Thanks for the enjoyable article. That Zen is one handsome little devil. I guess he got his looks from GM. :-) Just kiddin' - I think I remember reading that you're 6'4" and pretty sturdy. Must be the hot sauce.

I have faith that...er, let me try again. I have confidence that you'll make the Foxstead happen. The four of you guys that are "on the ground" are all very smart and I can tell you personally know there is no future in the rat race and Matrix existence. I'm 52 yrs old and I guess I have to stay in the rat race as long as I can. I can tell you (as you probably already know), it is getting worse and more difficult to tolerate as time ticks away. Thanks again.

-Joe

Anonymous said...

great one, Lou. as far as i'm concerned, if you lower that 100K estimate down to 70k we got our 'prospectus' right here. deez nutz baby. we might already be at 50K for the newton county option. i personally think we should keep the 'prospectus' to a land-based investment. RE's good for 10K which will cover hydroponics and geo dome but probably even the full aquaponics system. bellows 2.0 earth works is 500 bones like roamer said.

so we're just about good to go.

joe, you're still a spring chicken. that is no excuse ;). the way you phrased it, without alluding to family circumstances prohibiting you from steading, requires me to tell you that it is me and Lou's job to provide the balance of hard labor. Lou'll dig i'll log, Lou'll log i'll dig.

to the canadian up top, thanks for the lead. dunno if you're familiar with ocean falls, BC, but that was previously under consideration but the residency/visa issues seemed like an unnecessary risk. what sort of timeframe would you put on the naturalization process in your scenario?

-reanteben

Jason Heppenstall said...

That's just too bad with Cat Food Carol. I've met her type before - let's call her Dog Food Debbie. Working in the jungle in Guatemala rehabilitating endangered wildlife snatched for the pet trade. we worked 7 days a week and ate rice and beans for six of them. On the 7th we were given some chicken - much to the displeasure of DFD, who was from Australia.

Still, I can't call her a hypocrite. She claimed to own cats that she had force converted to veganism, feeding them tofu and the like - only trouble was they kept escaping into 'the wild' and gorging on birds.

Keep looking for the Foxstead - it'll turn up eventually, I'm sure.

Anonymous said...

The way I see it, your *first* try just didn't pan out.
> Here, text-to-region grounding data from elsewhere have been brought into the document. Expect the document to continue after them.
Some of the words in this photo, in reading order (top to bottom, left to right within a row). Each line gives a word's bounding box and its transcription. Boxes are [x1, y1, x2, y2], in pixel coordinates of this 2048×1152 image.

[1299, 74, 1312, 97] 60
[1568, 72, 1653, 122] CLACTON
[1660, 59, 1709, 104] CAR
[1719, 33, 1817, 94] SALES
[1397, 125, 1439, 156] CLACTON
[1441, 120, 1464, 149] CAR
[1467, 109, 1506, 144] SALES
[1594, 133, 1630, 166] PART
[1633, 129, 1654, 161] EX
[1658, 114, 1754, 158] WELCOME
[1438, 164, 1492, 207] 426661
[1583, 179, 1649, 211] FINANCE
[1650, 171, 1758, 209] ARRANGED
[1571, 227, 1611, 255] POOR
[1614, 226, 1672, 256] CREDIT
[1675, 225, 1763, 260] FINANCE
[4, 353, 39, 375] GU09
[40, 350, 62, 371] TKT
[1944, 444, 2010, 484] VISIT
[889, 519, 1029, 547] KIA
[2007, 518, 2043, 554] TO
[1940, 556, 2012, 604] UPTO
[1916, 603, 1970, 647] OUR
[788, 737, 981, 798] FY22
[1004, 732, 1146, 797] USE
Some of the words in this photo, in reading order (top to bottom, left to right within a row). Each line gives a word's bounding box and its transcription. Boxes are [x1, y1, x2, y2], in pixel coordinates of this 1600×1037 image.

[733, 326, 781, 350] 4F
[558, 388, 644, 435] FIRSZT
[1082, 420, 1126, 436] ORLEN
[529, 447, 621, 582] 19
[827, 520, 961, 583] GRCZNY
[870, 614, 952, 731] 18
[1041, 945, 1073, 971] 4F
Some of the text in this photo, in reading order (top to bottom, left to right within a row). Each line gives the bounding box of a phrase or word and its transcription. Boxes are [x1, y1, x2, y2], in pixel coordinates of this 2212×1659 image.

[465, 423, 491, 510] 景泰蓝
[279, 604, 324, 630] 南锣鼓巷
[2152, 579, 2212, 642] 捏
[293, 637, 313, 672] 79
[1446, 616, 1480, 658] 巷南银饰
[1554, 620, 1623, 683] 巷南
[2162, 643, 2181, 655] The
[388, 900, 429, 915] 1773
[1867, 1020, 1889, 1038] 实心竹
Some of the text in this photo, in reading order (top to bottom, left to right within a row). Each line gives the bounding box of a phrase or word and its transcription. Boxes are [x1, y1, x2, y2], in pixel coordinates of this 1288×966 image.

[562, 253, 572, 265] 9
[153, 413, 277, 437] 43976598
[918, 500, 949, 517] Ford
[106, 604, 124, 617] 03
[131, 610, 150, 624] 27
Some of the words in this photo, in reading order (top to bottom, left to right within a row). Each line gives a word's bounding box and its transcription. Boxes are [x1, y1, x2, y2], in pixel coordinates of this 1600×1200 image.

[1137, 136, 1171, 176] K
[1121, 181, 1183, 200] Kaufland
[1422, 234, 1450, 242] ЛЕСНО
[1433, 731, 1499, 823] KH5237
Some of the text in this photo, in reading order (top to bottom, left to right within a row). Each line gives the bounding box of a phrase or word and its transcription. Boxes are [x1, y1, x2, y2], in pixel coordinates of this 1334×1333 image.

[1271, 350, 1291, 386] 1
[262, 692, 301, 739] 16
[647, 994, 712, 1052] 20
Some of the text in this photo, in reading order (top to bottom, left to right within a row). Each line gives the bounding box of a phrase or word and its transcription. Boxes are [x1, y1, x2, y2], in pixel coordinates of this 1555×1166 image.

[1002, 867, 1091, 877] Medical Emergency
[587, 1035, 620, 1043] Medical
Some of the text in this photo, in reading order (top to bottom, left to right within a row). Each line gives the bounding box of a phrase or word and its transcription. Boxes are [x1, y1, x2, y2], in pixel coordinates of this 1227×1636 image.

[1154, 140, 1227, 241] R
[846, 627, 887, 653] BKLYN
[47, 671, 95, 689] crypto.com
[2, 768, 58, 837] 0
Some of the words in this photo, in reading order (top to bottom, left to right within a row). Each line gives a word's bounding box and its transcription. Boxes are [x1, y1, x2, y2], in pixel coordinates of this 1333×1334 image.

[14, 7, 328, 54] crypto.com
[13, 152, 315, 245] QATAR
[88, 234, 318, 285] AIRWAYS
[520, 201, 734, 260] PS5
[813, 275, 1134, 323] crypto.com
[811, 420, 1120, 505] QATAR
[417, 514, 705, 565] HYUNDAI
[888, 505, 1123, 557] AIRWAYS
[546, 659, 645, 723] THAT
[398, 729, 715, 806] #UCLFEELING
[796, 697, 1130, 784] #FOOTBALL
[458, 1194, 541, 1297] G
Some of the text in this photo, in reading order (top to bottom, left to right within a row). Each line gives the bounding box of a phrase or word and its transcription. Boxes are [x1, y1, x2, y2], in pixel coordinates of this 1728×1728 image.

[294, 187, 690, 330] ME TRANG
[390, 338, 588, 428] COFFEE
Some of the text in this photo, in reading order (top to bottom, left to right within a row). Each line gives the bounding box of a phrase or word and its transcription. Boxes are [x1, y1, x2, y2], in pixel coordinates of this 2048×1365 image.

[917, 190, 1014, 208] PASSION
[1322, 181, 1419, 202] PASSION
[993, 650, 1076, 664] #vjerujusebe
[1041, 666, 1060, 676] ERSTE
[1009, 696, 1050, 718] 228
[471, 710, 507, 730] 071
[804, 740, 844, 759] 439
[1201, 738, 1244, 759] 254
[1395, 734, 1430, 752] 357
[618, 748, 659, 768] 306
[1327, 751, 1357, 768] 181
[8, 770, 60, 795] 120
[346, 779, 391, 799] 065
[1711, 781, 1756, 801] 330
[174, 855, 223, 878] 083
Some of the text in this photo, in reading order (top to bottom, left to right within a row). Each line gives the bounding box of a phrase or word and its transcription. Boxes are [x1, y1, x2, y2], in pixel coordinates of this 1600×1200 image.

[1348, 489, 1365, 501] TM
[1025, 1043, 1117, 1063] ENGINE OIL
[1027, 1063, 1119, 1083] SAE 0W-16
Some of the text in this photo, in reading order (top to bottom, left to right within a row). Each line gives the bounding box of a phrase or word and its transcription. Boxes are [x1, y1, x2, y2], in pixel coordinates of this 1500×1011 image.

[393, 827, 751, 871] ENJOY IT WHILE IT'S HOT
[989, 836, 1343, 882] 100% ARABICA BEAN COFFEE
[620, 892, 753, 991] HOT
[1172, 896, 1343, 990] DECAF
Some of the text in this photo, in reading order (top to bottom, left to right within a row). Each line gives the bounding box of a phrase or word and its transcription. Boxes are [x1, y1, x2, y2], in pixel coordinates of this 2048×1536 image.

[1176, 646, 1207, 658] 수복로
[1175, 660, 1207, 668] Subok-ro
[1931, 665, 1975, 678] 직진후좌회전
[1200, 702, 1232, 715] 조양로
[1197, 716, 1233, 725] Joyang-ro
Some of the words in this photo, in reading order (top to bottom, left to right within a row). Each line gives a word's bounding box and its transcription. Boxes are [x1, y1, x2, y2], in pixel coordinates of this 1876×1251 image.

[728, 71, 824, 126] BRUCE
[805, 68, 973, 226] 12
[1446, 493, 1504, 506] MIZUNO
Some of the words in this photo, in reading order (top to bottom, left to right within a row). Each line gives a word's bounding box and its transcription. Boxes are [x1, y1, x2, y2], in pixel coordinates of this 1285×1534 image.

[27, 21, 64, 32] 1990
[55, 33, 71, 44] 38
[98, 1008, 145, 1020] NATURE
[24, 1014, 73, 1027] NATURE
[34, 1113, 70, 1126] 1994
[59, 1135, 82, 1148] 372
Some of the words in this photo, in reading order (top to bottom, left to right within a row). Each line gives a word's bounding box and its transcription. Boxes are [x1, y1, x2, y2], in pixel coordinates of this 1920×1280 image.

Not your fifth or your 50th or your 500th, but just your first.

Maybe the only thing to do is to try to track down a second chance. Given my own life and choices, I may not be the best person to be saying this, but . . . it's just a thought.

Martin said...

Seems it's always 'the money' (or lack of it) and/or some other unimagined hiccup that does things in.

Back in the early '70's, my then wife, our daughter and I attempted to put together a similar community on a 20-acre piece that we had purchased.

The idea was that we'd sell 'shares' (and/or give 'credit' for hands-on hours put into the place) to a few selected friends in order to construct a dwelling large enough to house us all as a 'family' and to begin the task(s) of making the place more-or-less self-sufficient.

At first there was a lot of enthusiasm for this, but there was little in the way of shares purchased (two people came up with about $500 each) and, as time wore on, less and less effort was put in by others who had pledged to do so.

Anyway, after about five years, we (my ex, our daughter and I) were the only ones left - only the excavation for the dwelling was in place (we were living in an 8' x 35' wood-heated travel trailer) and the well dropped to about 1 gallon/hour due to new wells being drilled downslope from our place.

We sold the place (at a money profit) to a surgeon who wanted an 'escape pod', paid back our 'investors' (including the 'hands-on' ones) and moved back into town, lesson learned.

It could have worked, but there was too much dreaming and too little commitment - and a great shortage of long-term thinking.

Anyway, I wish you and your's Good Luck with Foxstead.